Please write out the whole listing that follows exactly; the pictures stay out.
--- Materials provided ---
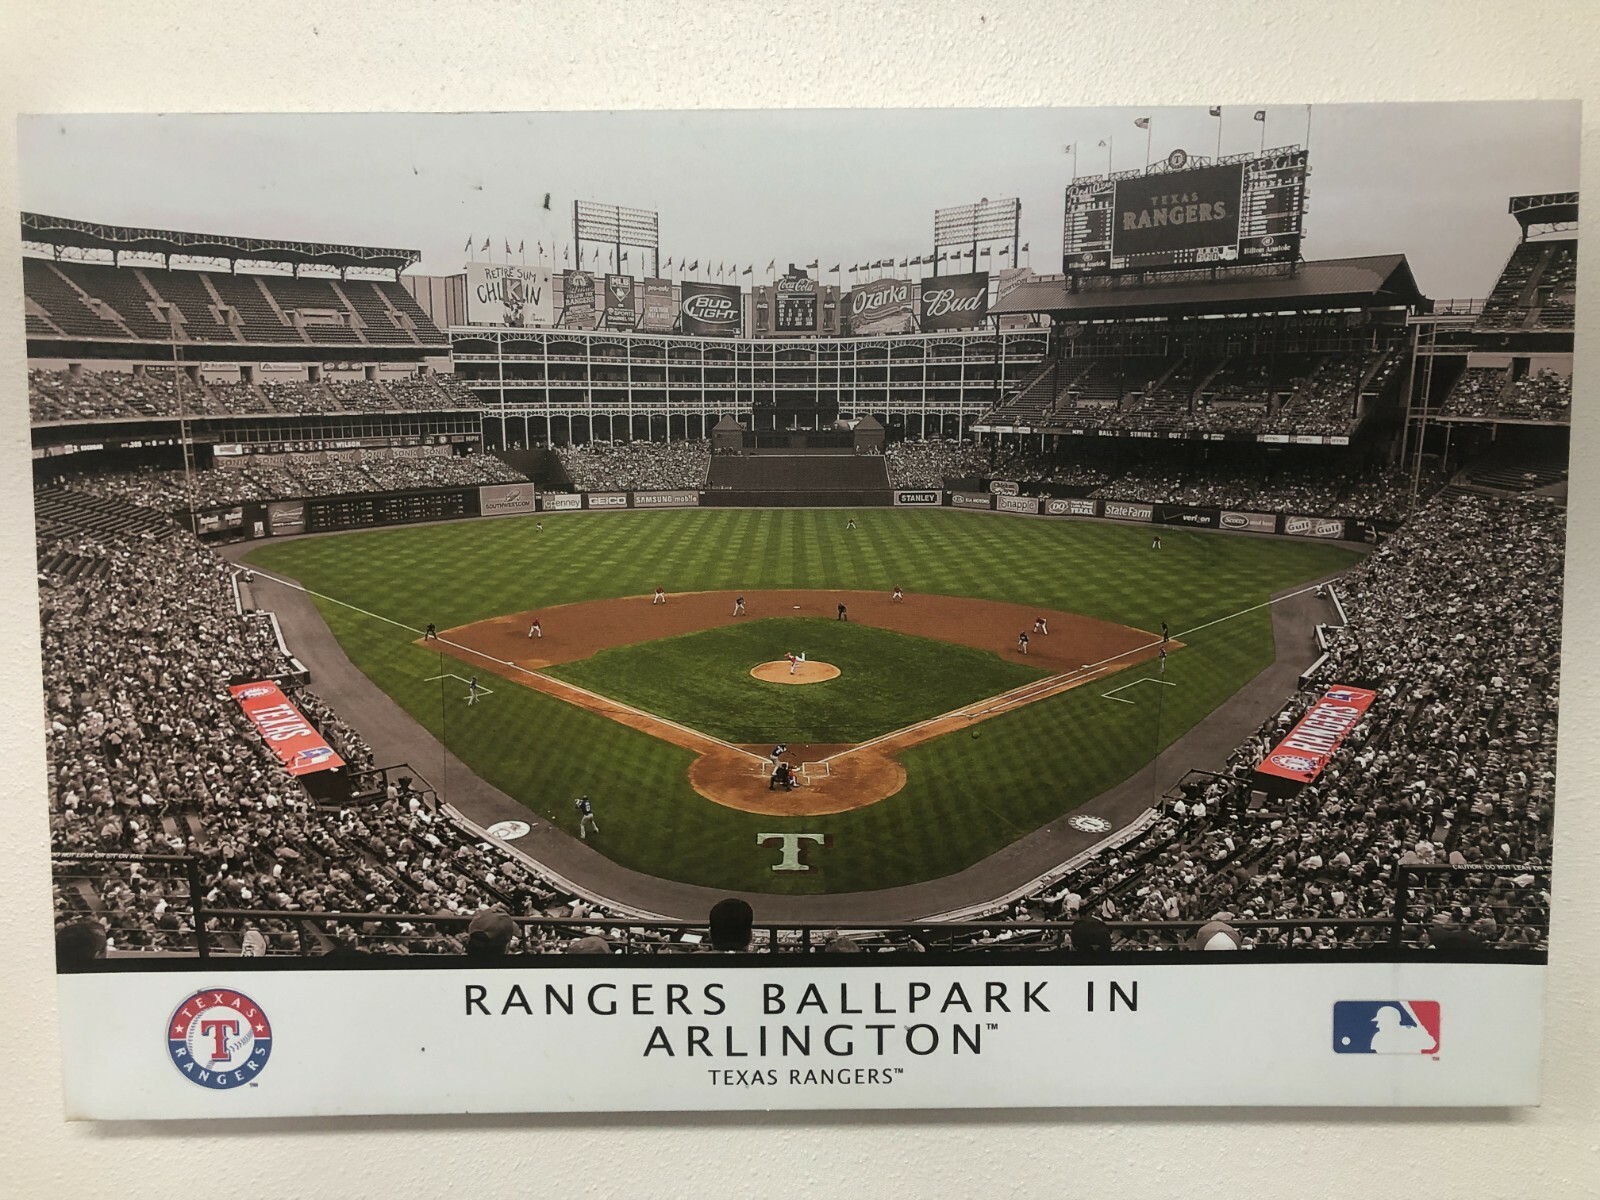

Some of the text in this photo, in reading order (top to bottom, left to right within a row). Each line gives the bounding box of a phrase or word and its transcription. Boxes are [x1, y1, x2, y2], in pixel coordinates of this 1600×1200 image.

[1151, 192, 1199, 206] TEXAS
[1123, 201, 1226, 231] RANGERS
[485, 267, 536, 283] RETIRE SUM
[695, 297, 732, 309] BUD
[853, 285, 907, 314] Ozarka
[923, 287, 986, 317] Bud
[689, 306, 738, 319] LIGHT
[336, 441, 361, 449] WILSON
[589, 497, 626, 505] GEICO
[636, 494, 697, 504] SAMSUNG mobile
[901, 494, 935, 502] STANLEY
[1001, 499, 1034, 511] Snapple
[1052, 503, 1066, 511] DQ
[1287, 522, 1310, 532] Gulf
[1317, 524, 1340, 535] Gulf
[251, 704, 312, 741] TEXAS
[1283, 702, 1359, 755] RANGERS
[756, 832, 828, 873] T
[182, 993, 257, 1018] TEXAS
[466, 981, 1138, 1016] RANGERS BALLPARK IN
[201, 1020, 240, 1062] T
[175, 1046, 266, 1085] RANGERS
[708, 1069, 778, 1085] TEXAS
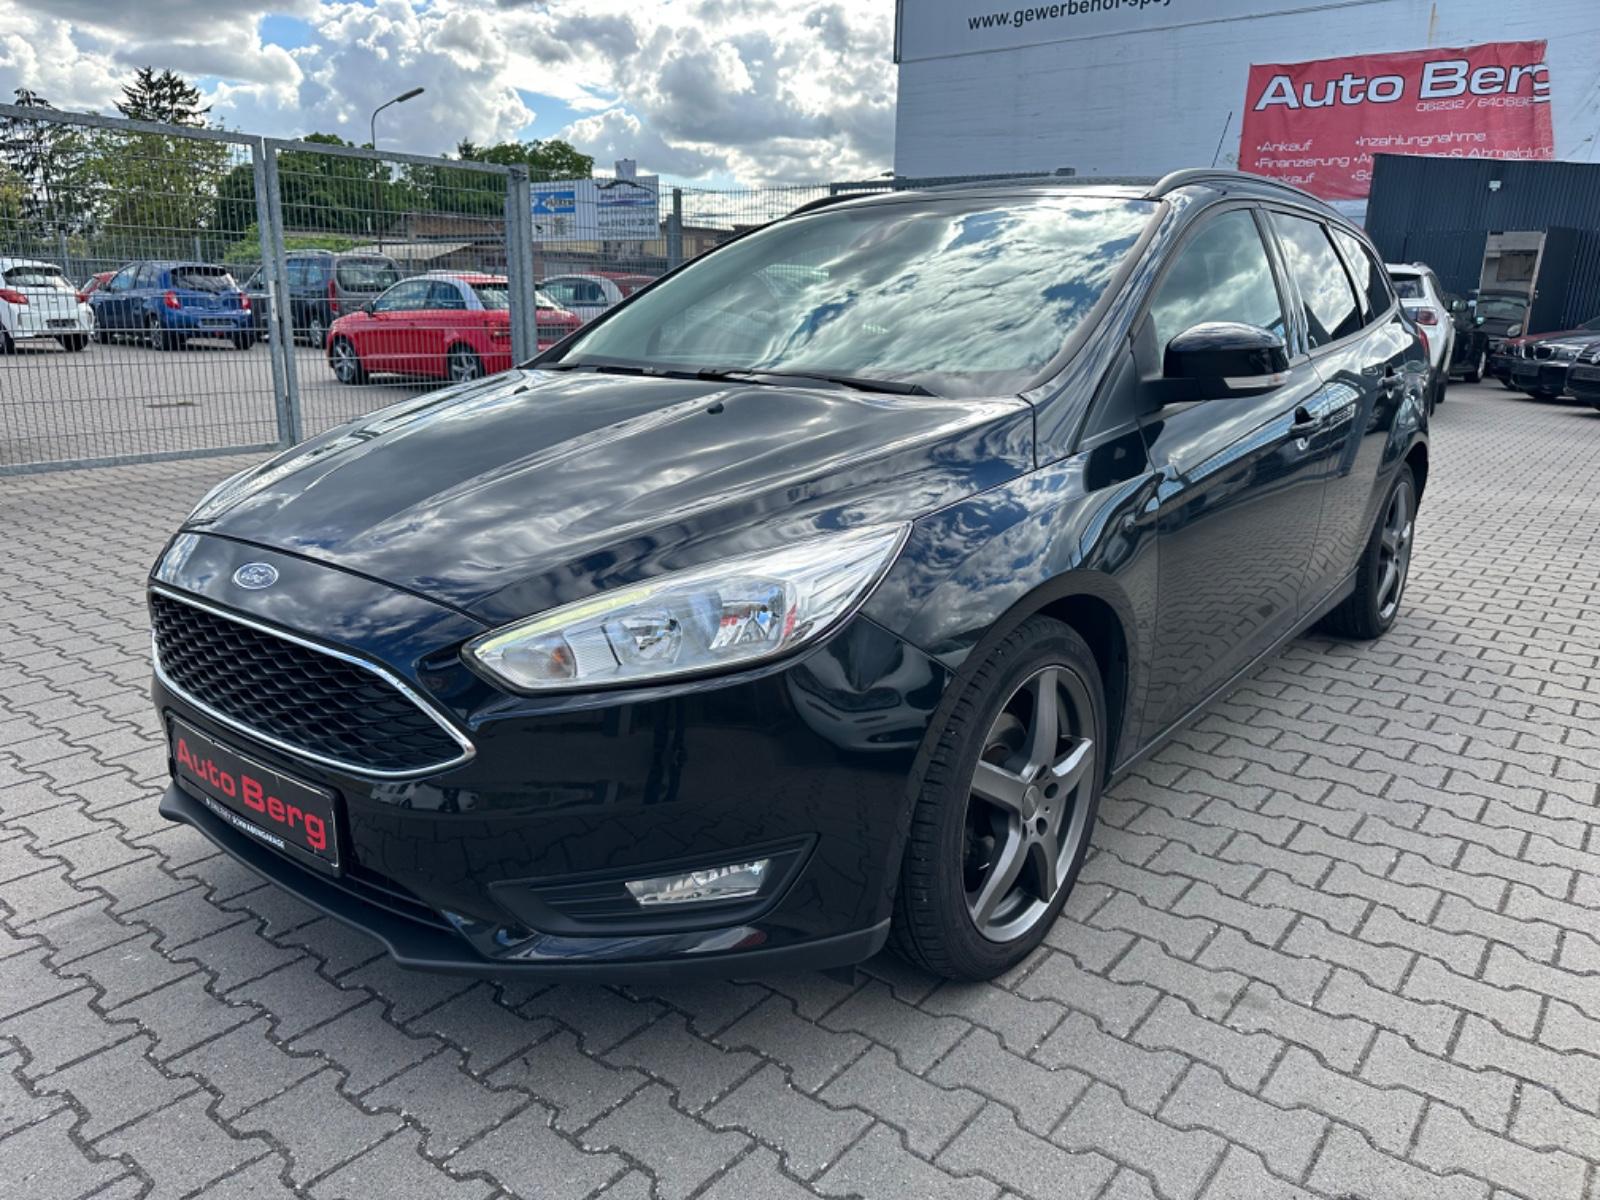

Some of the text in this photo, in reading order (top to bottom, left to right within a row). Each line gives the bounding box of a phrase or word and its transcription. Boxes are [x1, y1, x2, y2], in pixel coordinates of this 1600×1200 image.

[1253, 73, 1405, 112] Auto
[1261, 139, 1313, 152] Ankauf
[1359, 131, 1487, 147] Inzahlungnahme
[1259, 155, 1350, 168] Finanzierung
[176, 738, 327, 850] Auto Berg
---
Solution for this problem:
Some of the text in this photo, in reading order (top to bottom, left to right within a row). Each line gives the bounding box of a phrase or word and its transcription. Boxes are [x1, y1, x2, y2], in pixel coordinates of this 1600×1200 image.

[1151, 192, 1199, 206] TEXAS
[1123, 201, 1226, 231] RANGERS
[485, 267, 536, 283] RETIRE SUM
[695, 297, 732, 309] BUD
[853, 285, 907, 314] Ozarka
[923, 287, 986, 317] Bud
[689, 306, 738, 319] LIGHT
[336, 441, 361, 449] WILSON
[589, 497, 626, 505] GEICO
[636, 494, 697, 504] SAMSUNG mobile
[901, 494, 935, 502] STANLEY
[1001, 499, 1034, 511] Snapple
[1052, 503, 1066, 511] DQ
[1287, 522, 1310, 532] Gulf
[1317, 524, 1340, 535] Gulf
[251, 704, 312, 741] TEXAS
[1283, 702, 1359, 755] RANGERS
[756, 832, 828, 873] T
[182, 993, 257, 1018] TEXAS
[466, 981, 1138, 1016] RANGERS BALLPARK IN
[201, 1020, 240, 1062] T
[175, 1046, 266, 1085] RANGERS
[708, 1069, 778, 1085] TEXAS

Some of the text in this photo, in reading order (top to bottom, left to right within a row). Each line gives the bounding box of a phrase or word and its transcription. Boxes are [x1, y1, x2, y2], in pixel coordinates of this 1600×1200 image.

[1253, 73, 1405, 112] Auto
[1261, 139, 1313, 152] Ankauf
[1359, 131, 1487, 147] Inzahlungnahme
[1259, 155, 1350, 168] Finanzierung
[176, 738, 327, 850] Auto Berg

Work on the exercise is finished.